Assignment
Repeat the whole listing below precisely. Omit all pictures.

***** Extracted data *****

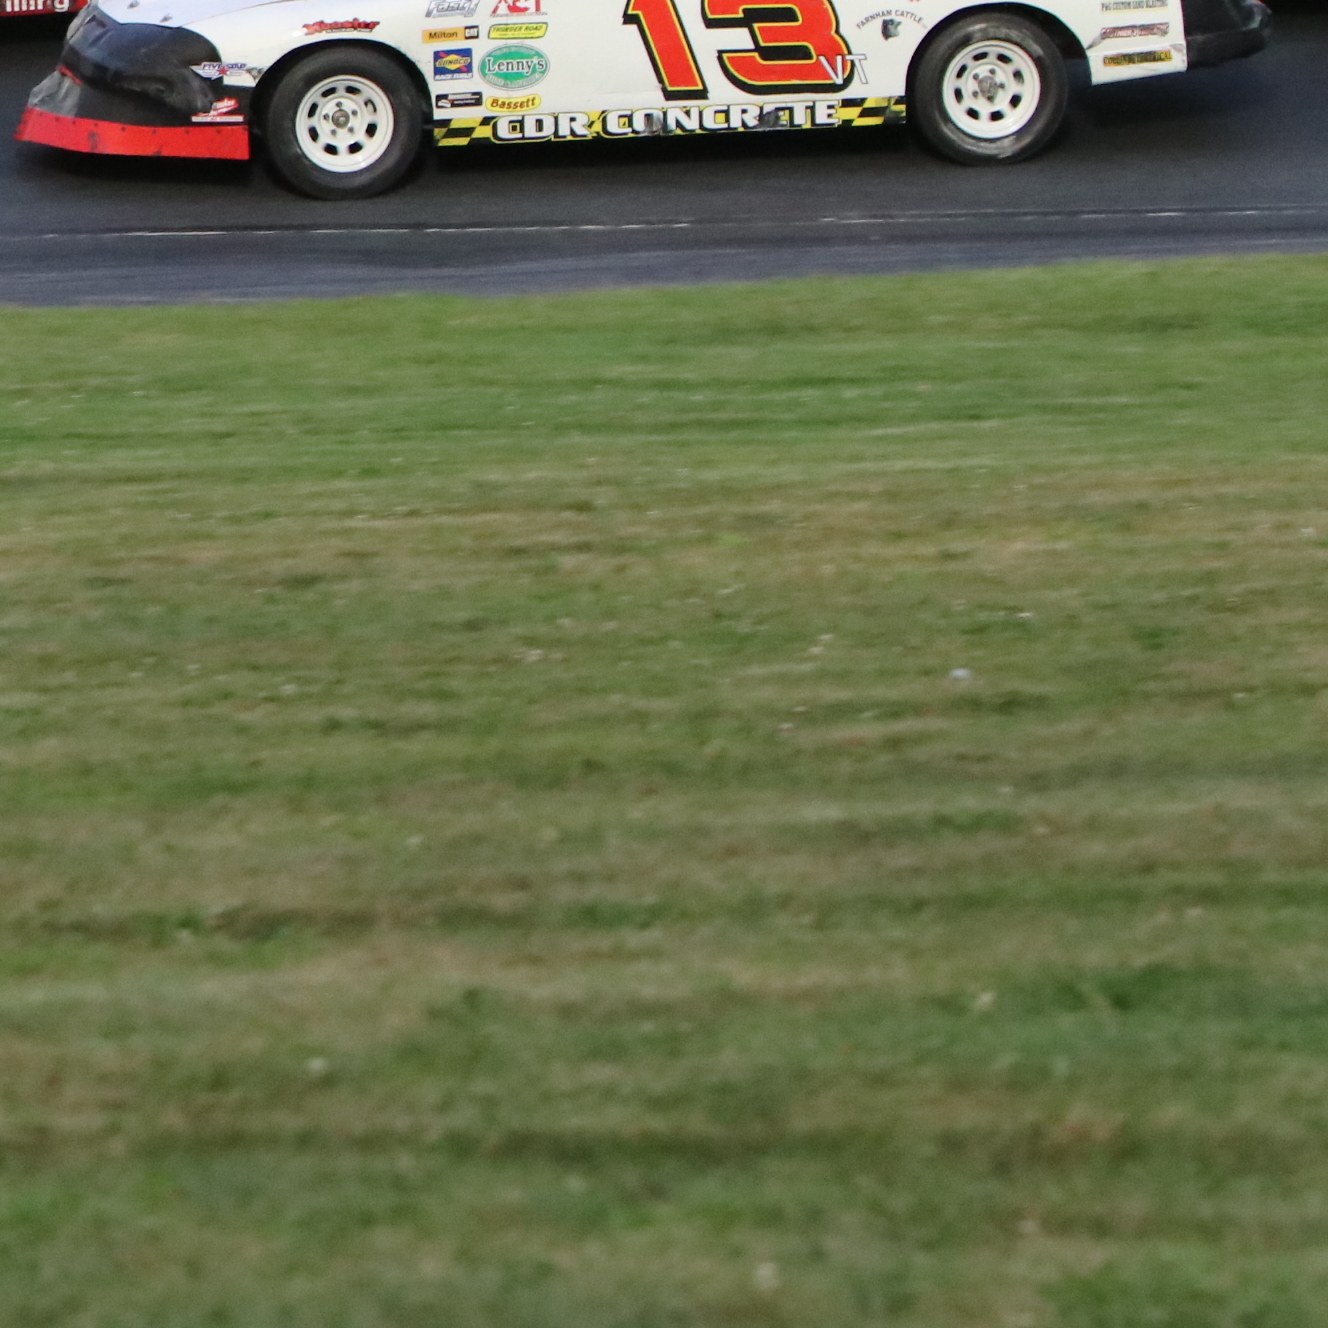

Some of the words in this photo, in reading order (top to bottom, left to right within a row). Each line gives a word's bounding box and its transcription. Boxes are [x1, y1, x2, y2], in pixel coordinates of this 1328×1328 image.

[856, 9, 893, 30] FARNHAM
[894, 9, 924, 24] CATTLE
[428, 31, 458, 40] Milton
[486, 58, 545, 75] Lenny's
[817, 53, 869, 85] VT
[490, 97, 537, 110] Bassett
[495, 112, 591, 140] CDR
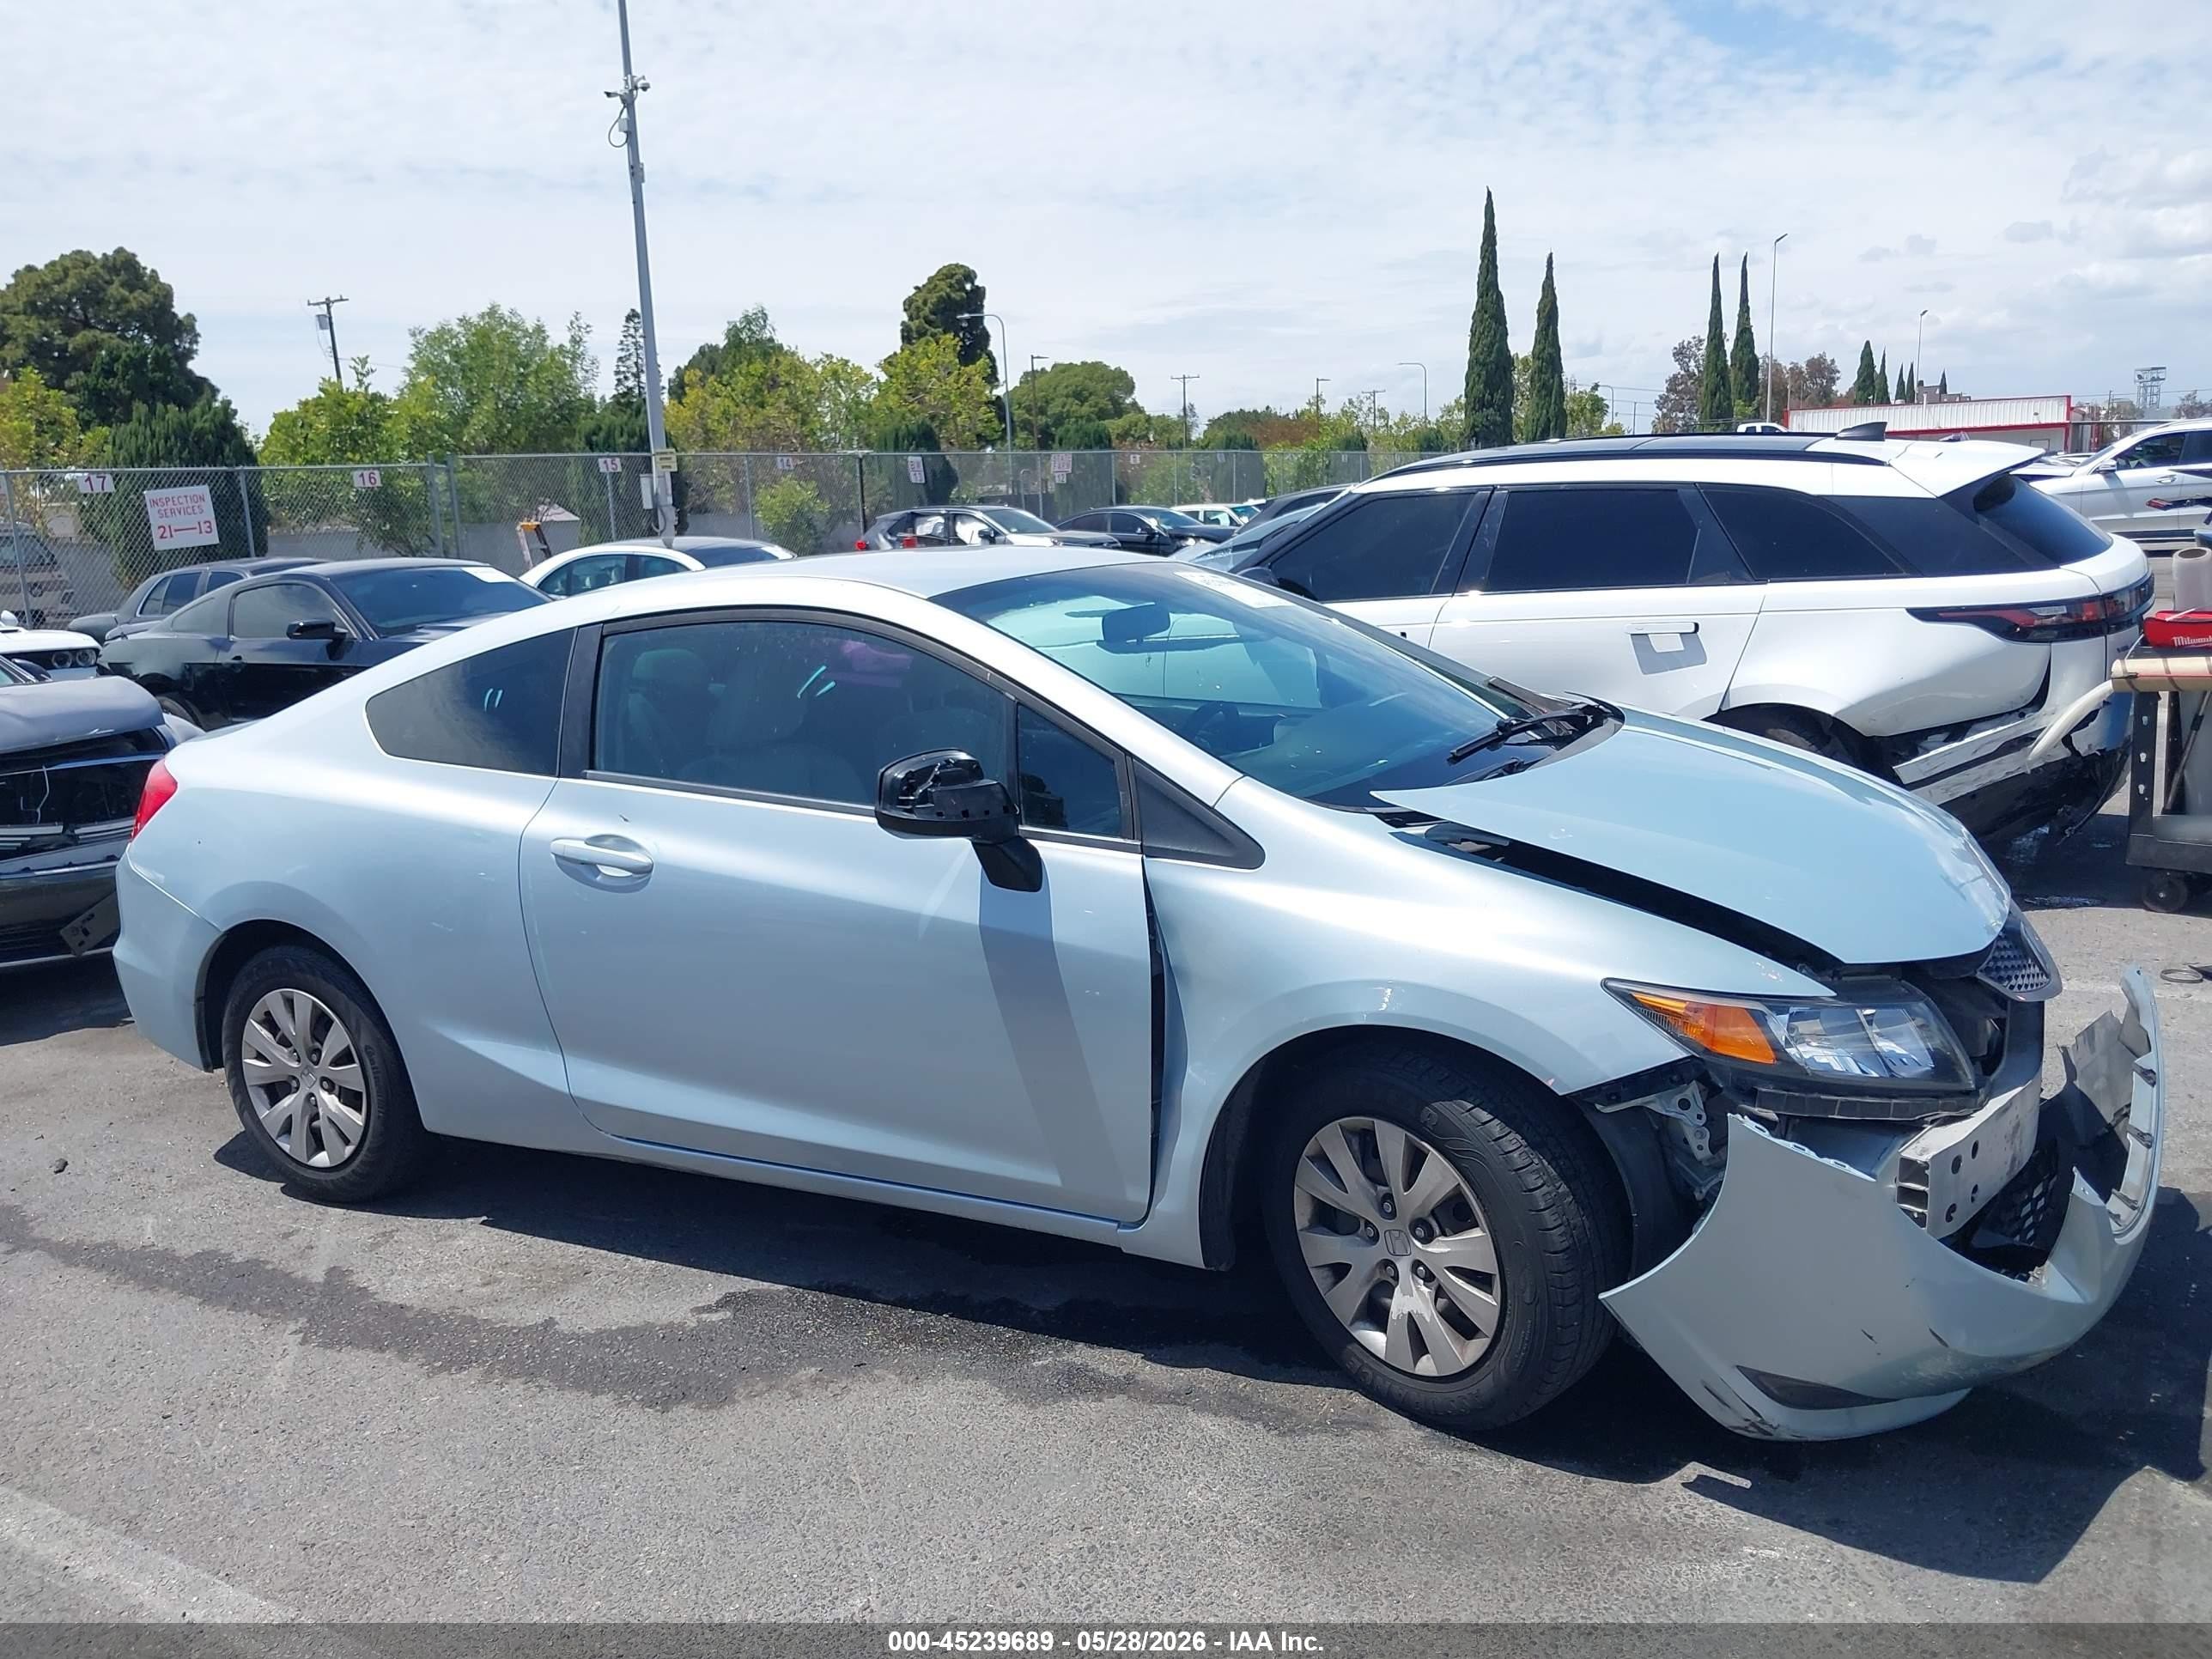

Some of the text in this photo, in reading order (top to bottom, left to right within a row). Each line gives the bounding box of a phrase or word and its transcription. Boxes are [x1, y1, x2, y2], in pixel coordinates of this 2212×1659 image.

[603, 458, 618, 471] 15
[84, 476, 106, 492] 17
[359, 471, 377, 486] 16
[149, 494, 206, 508] INSPECTION
[157, 505, 204, 519] SERVICES
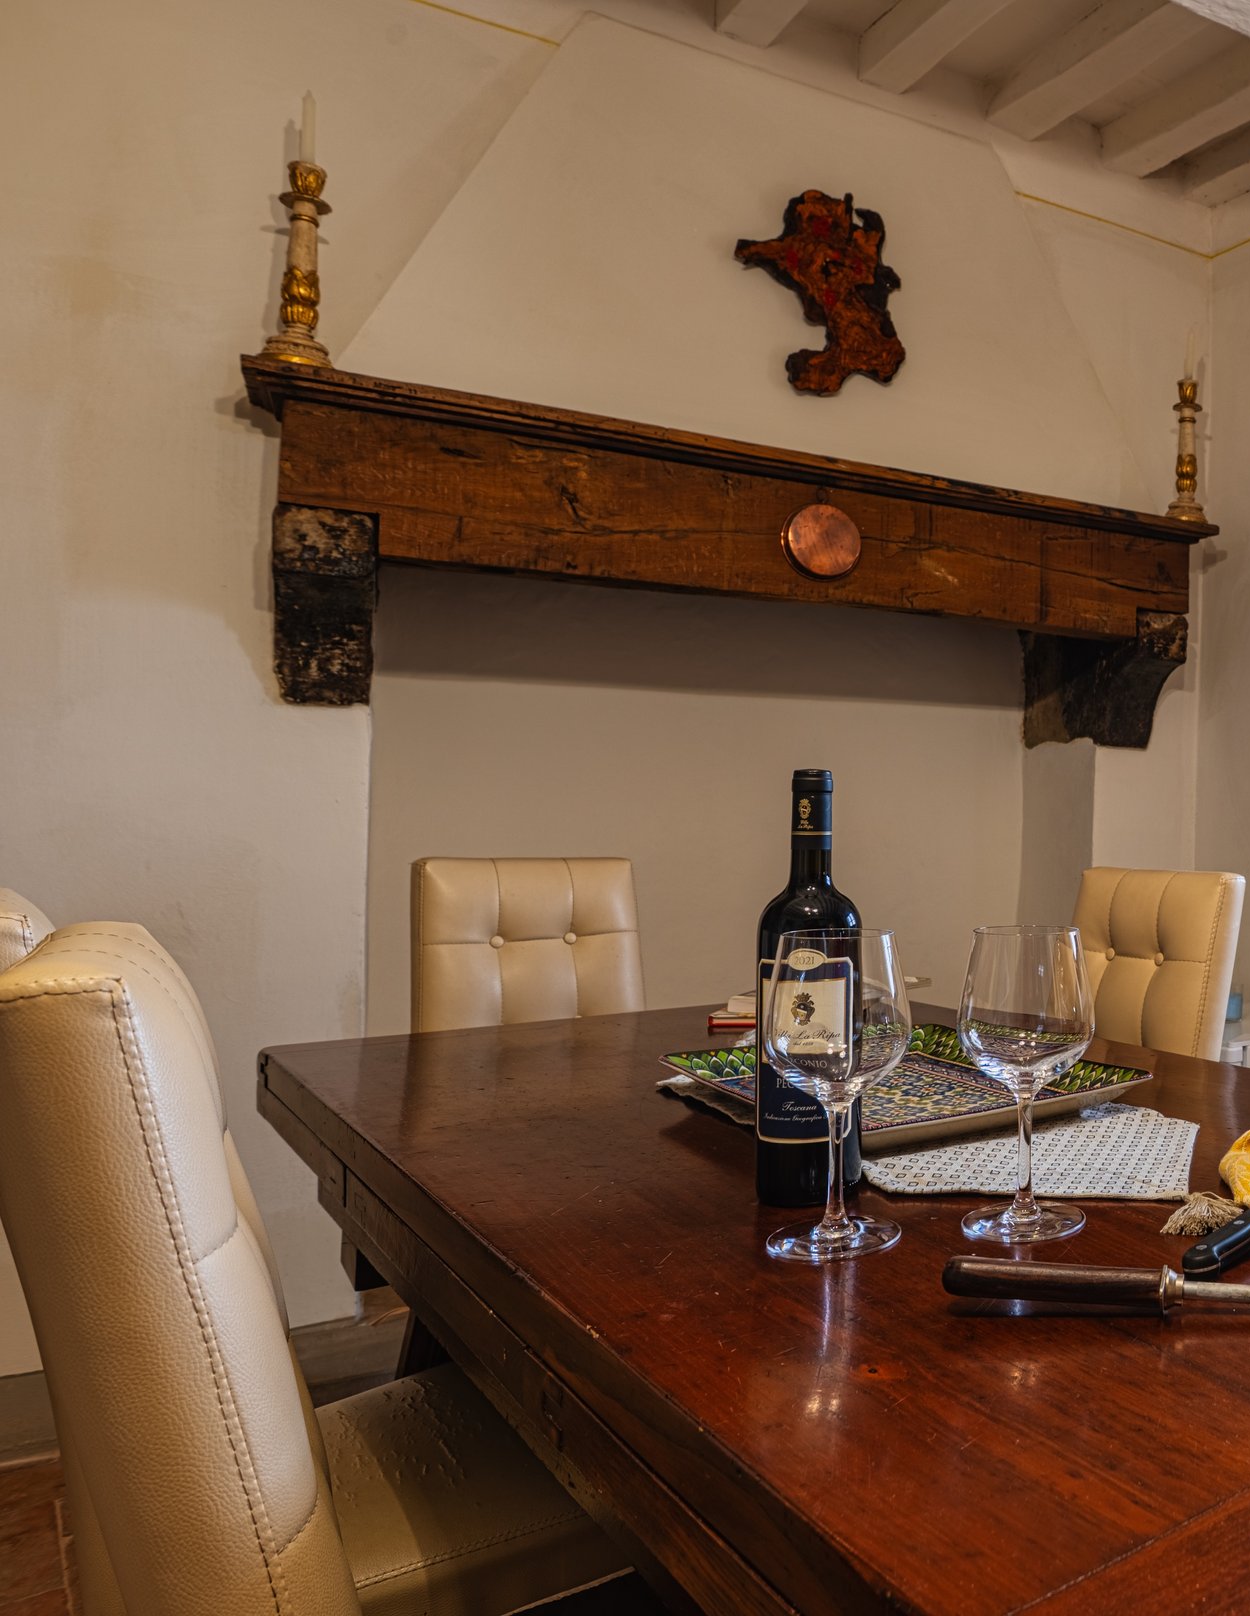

*****

Written reply
Some of the words in this photo, in reading order (top to bottom, left to right within a row). Each line gives a word's bounding box and its transcription. Boxes are [x1, y1, x2, y2], in pixel coordinates of this 1328×1328 image.

[856, 9, 893, 30] FARNHAM
[894, 9, 924, 24] CATTLE
[428, 31, 458, 40] Milton
[486, 58, 545, 75] Lenny's
[817, 53, 869, 85] VT
[490, 97, 537, 110] Bassett
[495, 112, 591, 140] CDR

Some of the text in this photo, in reading order (top to bottom, left to right within a row). Each line gives the bounding box of a phrase or word and its transcription. Boxes are [x1, y1, x2, y2], in pixel coordinates of this 2212×1659 image.

[603, 458, 618, 471] 15
[84, 476, 106, 492] 17
[359, 471, 377, 486] 16
[149, 494, 206, 508] INSPECTION
[157, 505, 204, 519] SERVICES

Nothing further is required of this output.